Dataset records:
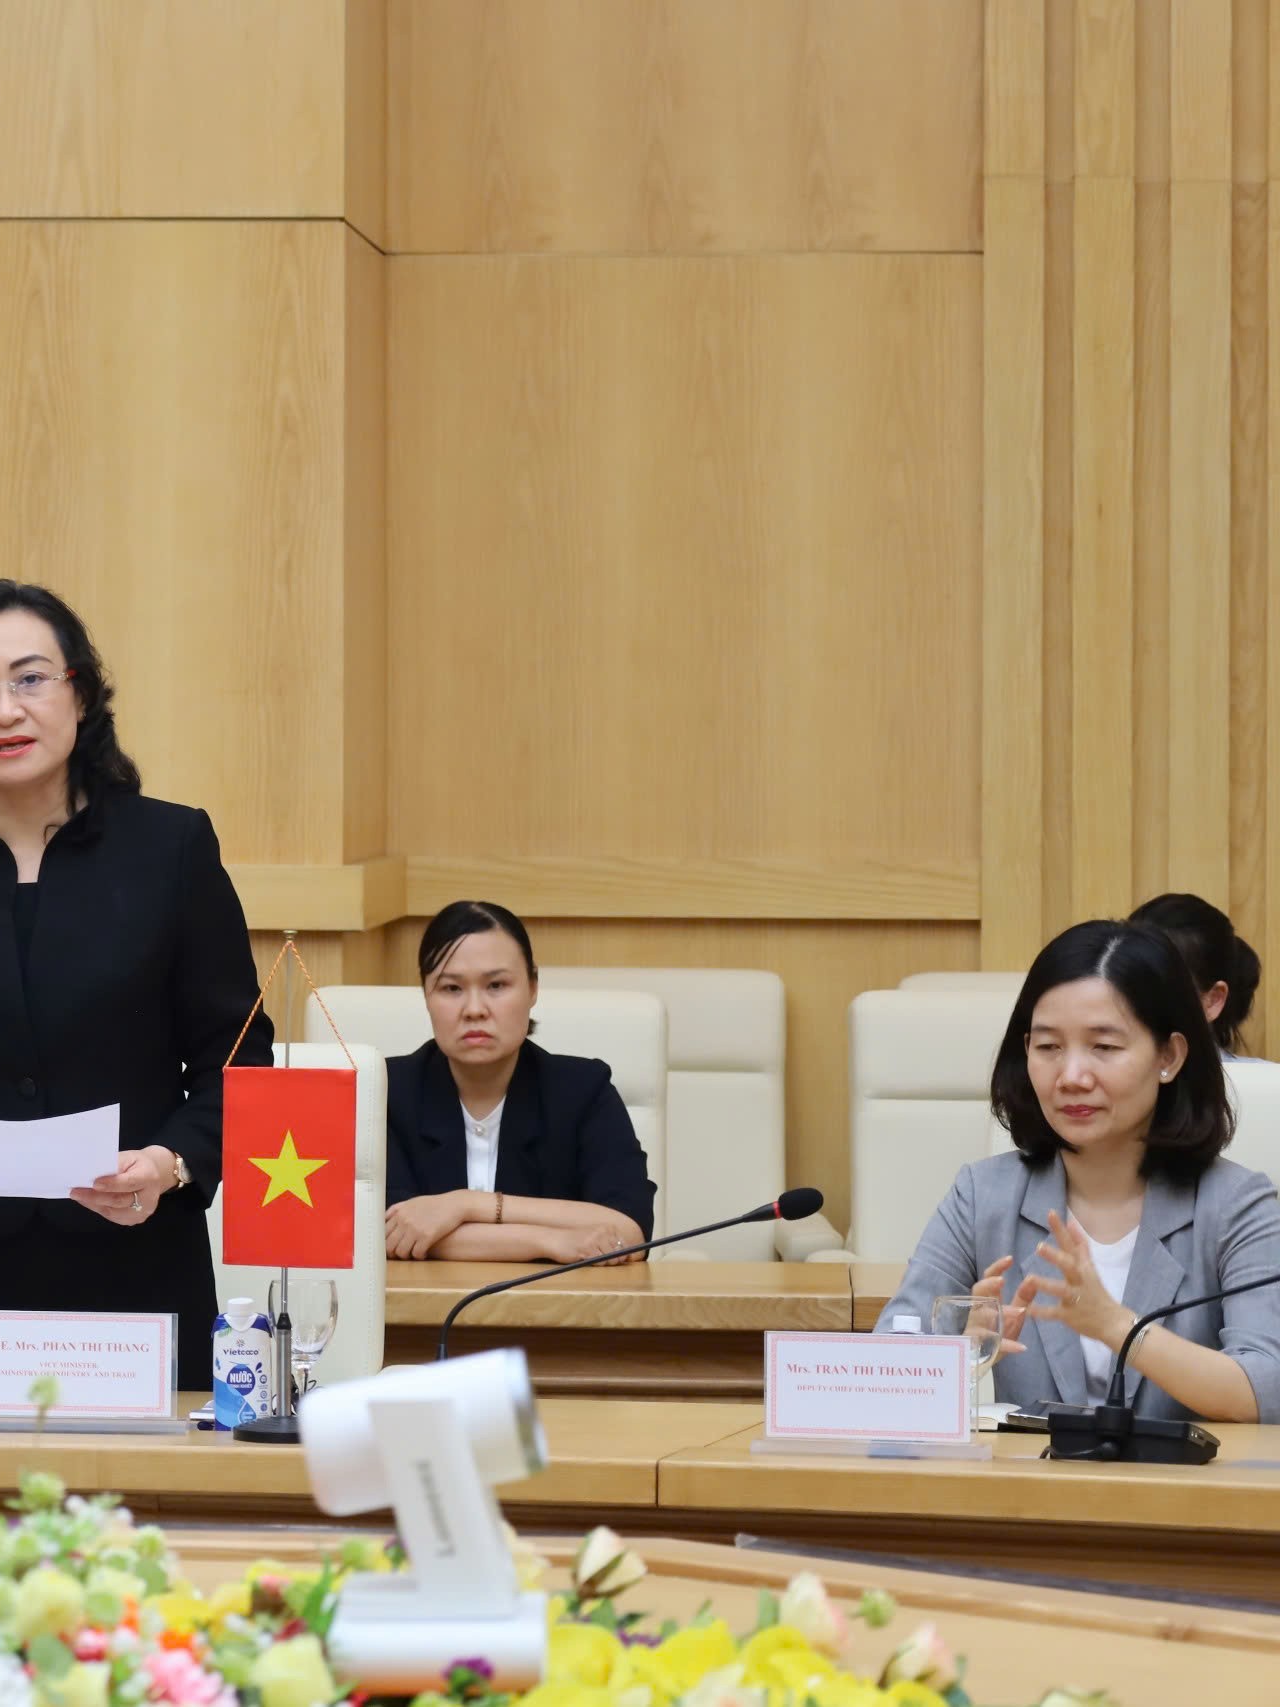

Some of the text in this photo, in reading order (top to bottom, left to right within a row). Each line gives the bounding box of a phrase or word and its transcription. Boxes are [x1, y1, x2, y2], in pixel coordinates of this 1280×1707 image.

[15, 1341, 39, 1351] Mrs.
[43, 1341, 76, 1351] PHAN
[80, 1342, 102, 1352] THI
[106, 1342, 150, 1352] THANG
[223, 1348, 259, 1356] Vietcoco
[787, 1363, 945, 1377] Mrs. TRAN THI THANH MY
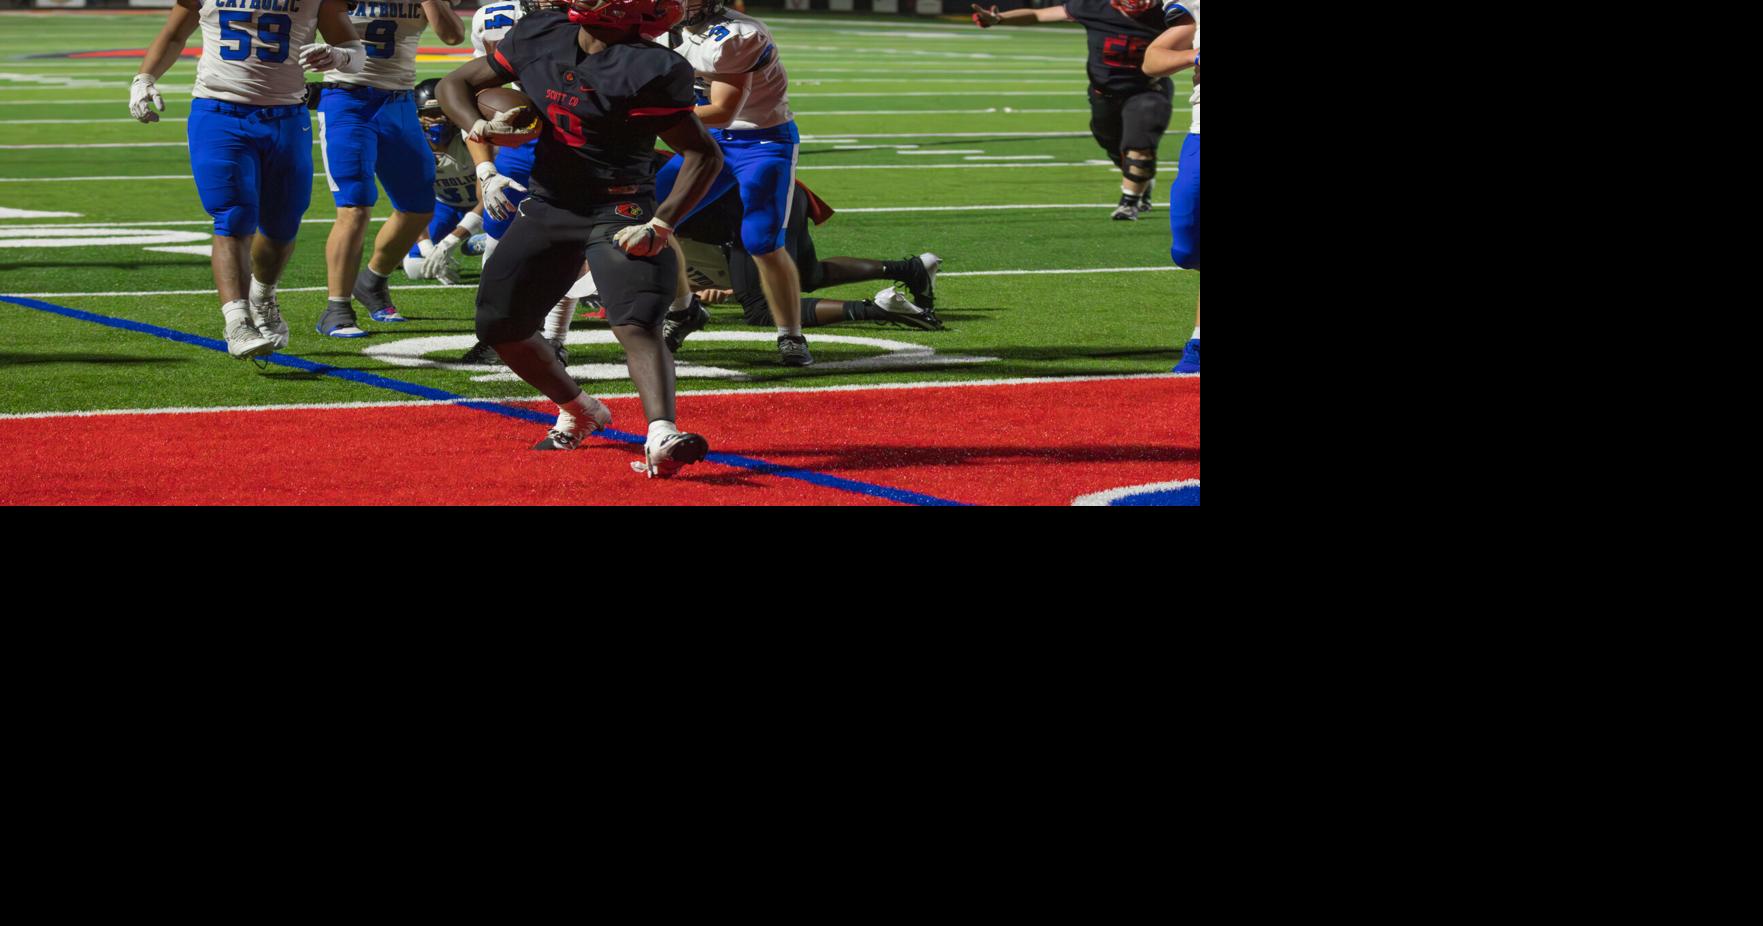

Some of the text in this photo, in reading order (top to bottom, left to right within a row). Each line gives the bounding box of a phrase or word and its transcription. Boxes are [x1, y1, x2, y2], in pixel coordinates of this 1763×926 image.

Assignment: Copy out the records exactly; the pictures stay behind.

Output for this task:
Some of the text in this photo, in reading order (top to bottom, left to right within a row). Each line gives the bounding box of a phrase or word and its transcription. Boxes are [x1, y1, x2, y2], in pixel coordinates of this 1280×1707 image.

[15, 1341, 39, 1351] Mrs.
[43, 1341, 76, 1351] PHAN
[80, 1342, 102, 1352] THI
[106, 1342, 150, 1352] THANG
[223, 1348, 259, 1356] Vietcoco
[787, 1363, 945, 1377] Mrs. TRAN THI THANH MY

Some of the text in this photo, in reading order (top to bottom, left to right within a row). Each line gives the bounding box of a phrase or word and its transcription. Boxes are [x1, y1, x2, y2], in pixel coordinates of this 1763×926 image.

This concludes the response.